You might think I'm being perhaps a bit sensational here or even clickbaity, but no, this is actually genuinely what Recall does. As Microsoft said: "Recall uses Copilot+ PC advanced processing capabilities to take images of your active screen every few seconds", and not only just on their new ARM PCs, they said it will roll out to x86 platforms too via a Windows update.

What's the point? It's to give you a special timeline of your day (it stores up to 3 months worth of what you do), allowing you to go back through it and find things, highlight things, open the original application shown in pictures and eventually open up whatever you were working on in the right application with the right content at the time. Basically, some fancy-pants AI search going over everything you've done.

Microsoft do say the storage is local to your device, and is "protected using data encryption on your device" and even using BitLocker if you're on Windows 11 Pro or an enterprise Windows 11 SKU. Microsoft also claim it doesn't share it anywhere else, at all, no advertisers or Microsoft themselves. But, how far do we trust data being fed into a black-box AI that no one can really see what it's doing huh?

Here's the thing: straight from their own FAQ (scroll down) it notes how "Recall does not perform content moderation" and it will "not hide information such as passwords or financial account numbers". Oh wow, that sure sounds good for your privacy doesn't it. But don't worry it "does not take snapshots of certain kinds of content, including InPrivate web browsing sessions in Microsoft Edge" and "material protected with digital rights management (DRM)" is also protected. We can't have Netflix or Disney getting annoyed with it taking a shot of that movie you watched, nope.

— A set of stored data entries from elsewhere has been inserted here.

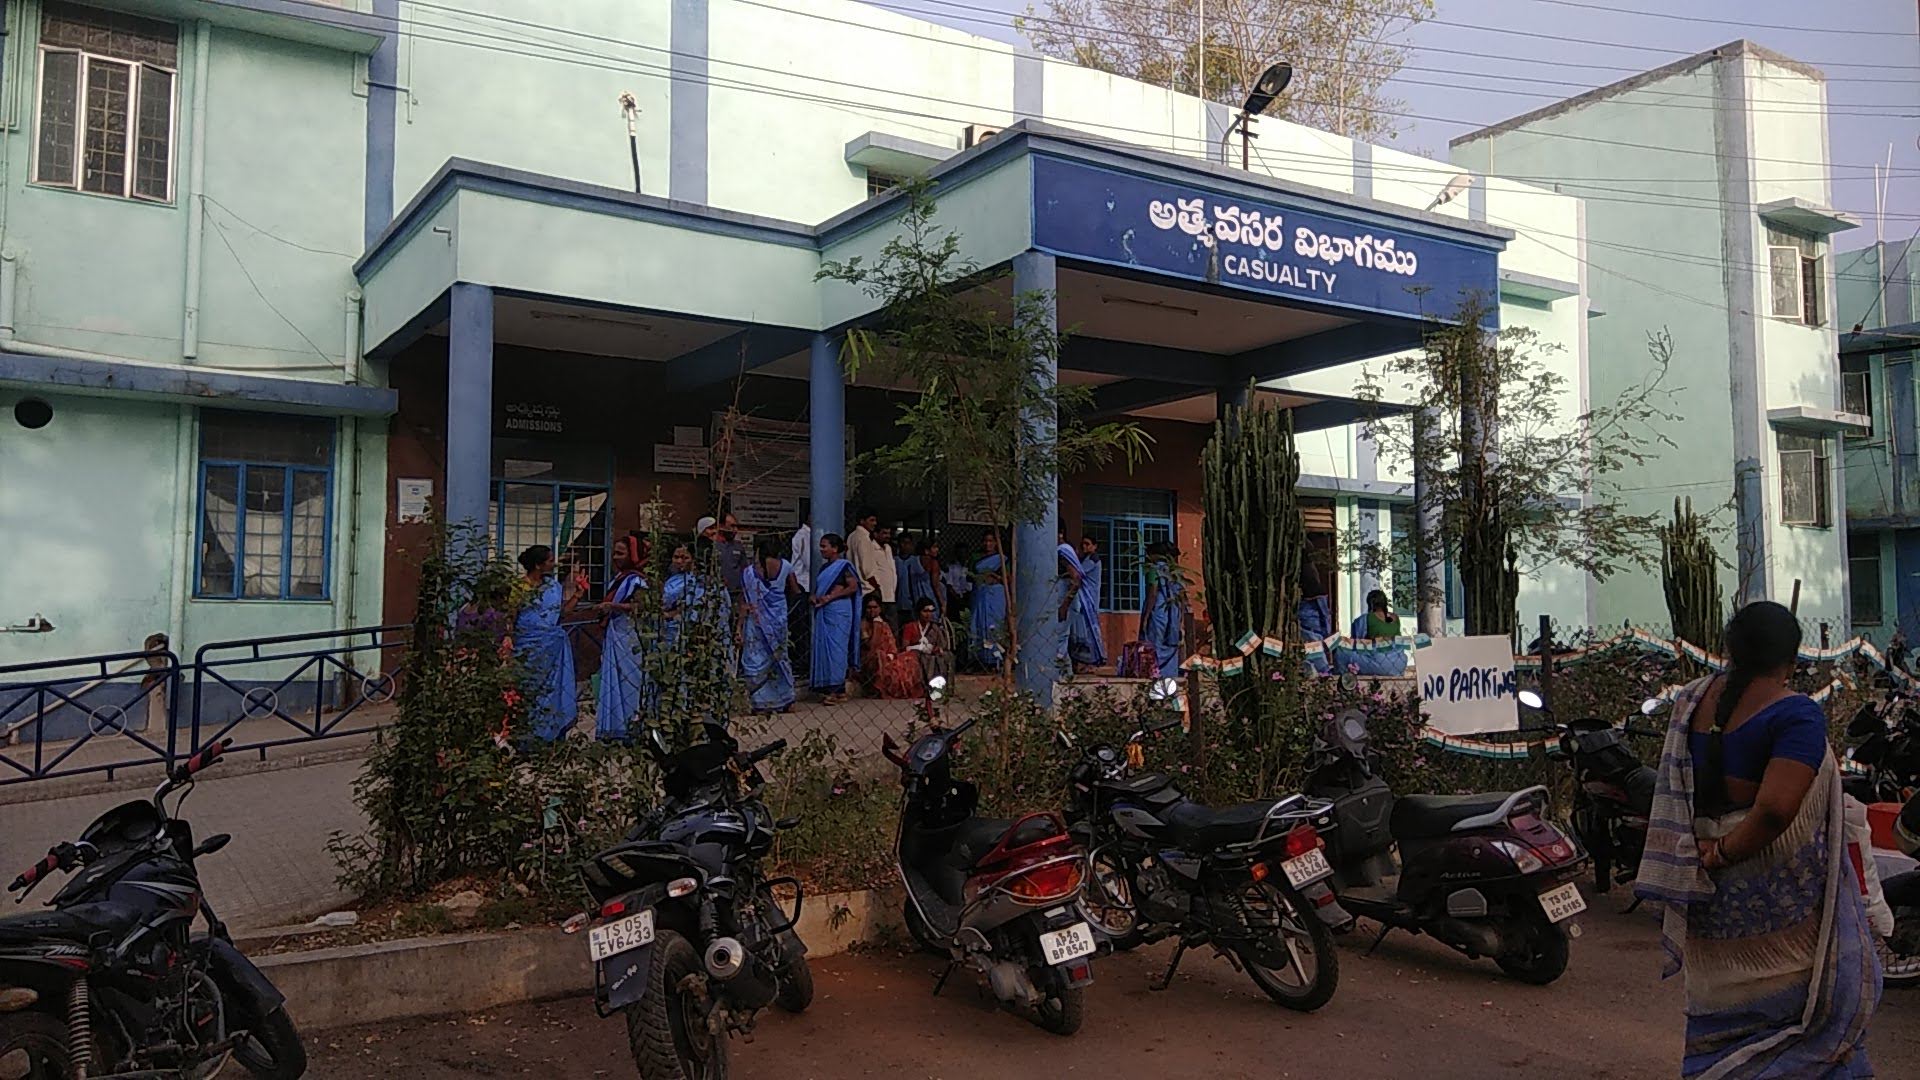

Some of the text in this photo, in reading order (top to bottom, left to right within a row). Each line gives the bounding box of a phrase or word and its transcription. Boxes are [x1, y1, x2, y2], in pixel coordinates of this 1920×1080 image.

[1294, 226, 1418, 276] విభాగము
[1224, 254, 1337, 294] CASUALTY
[505, 418, 563, 432] ADMISSIONS
[1424, 674, 1445, 701] NO
[1291, 851, 1318, 870] TS 05
[1548, 890, 1572, 906] TS 02
[1551, 908, 1563, 918] EC
[604, 916, 642, 940] TS 05
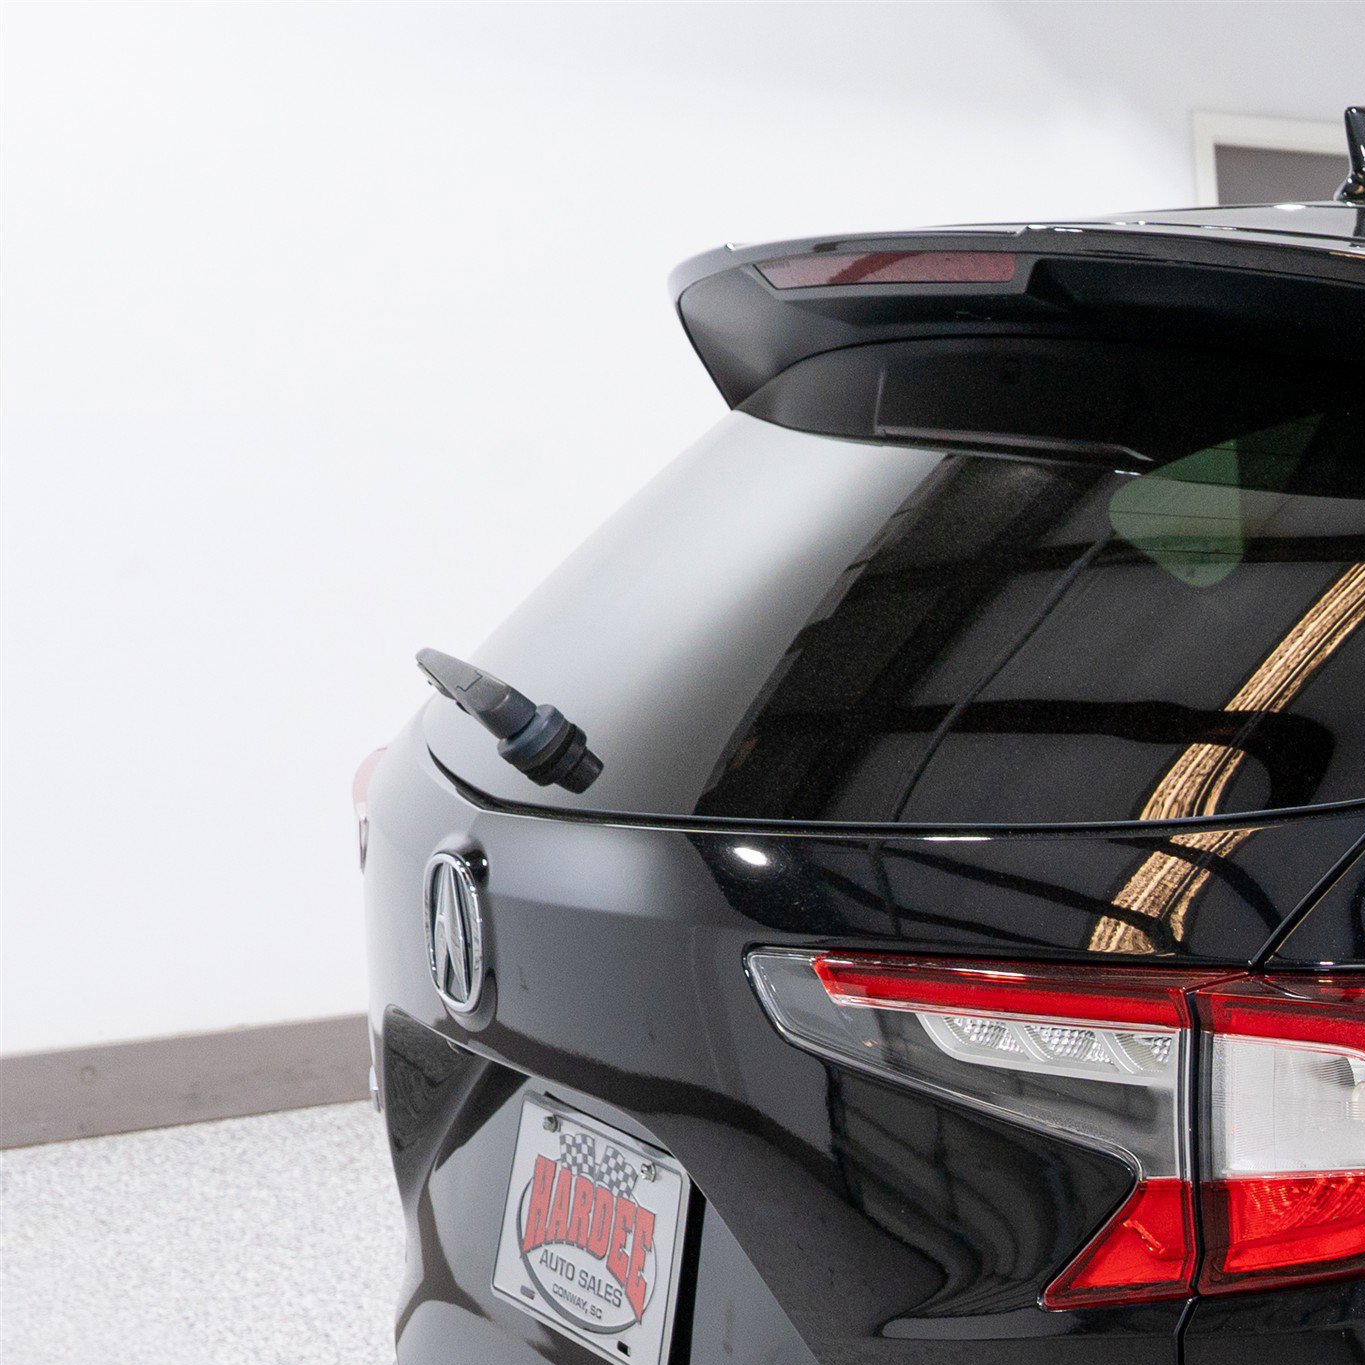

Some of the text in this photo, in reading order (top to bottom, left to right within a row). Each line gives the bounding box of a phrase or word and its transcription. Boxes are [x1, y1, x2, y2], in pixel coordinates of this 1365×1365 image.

I'm not even what you may call a "privacy nut". I use big-name stuff all the time, my main browser is plain ol' Google Chrome and you get the idea. But still, this is super weird.

What happens if someone else gets access to your device? Lost, stolen, sold (and you forgot to wipe) and so on. If you get hacked, they'll end up seeing everything, it's another major attack point. Yeah great it's stored on your device, but people and companies get broken open all the time, malicious orgs will have a real party with your data. There's plenty of other times people may end up with access to your device to think about, I'm not going to list them all of course.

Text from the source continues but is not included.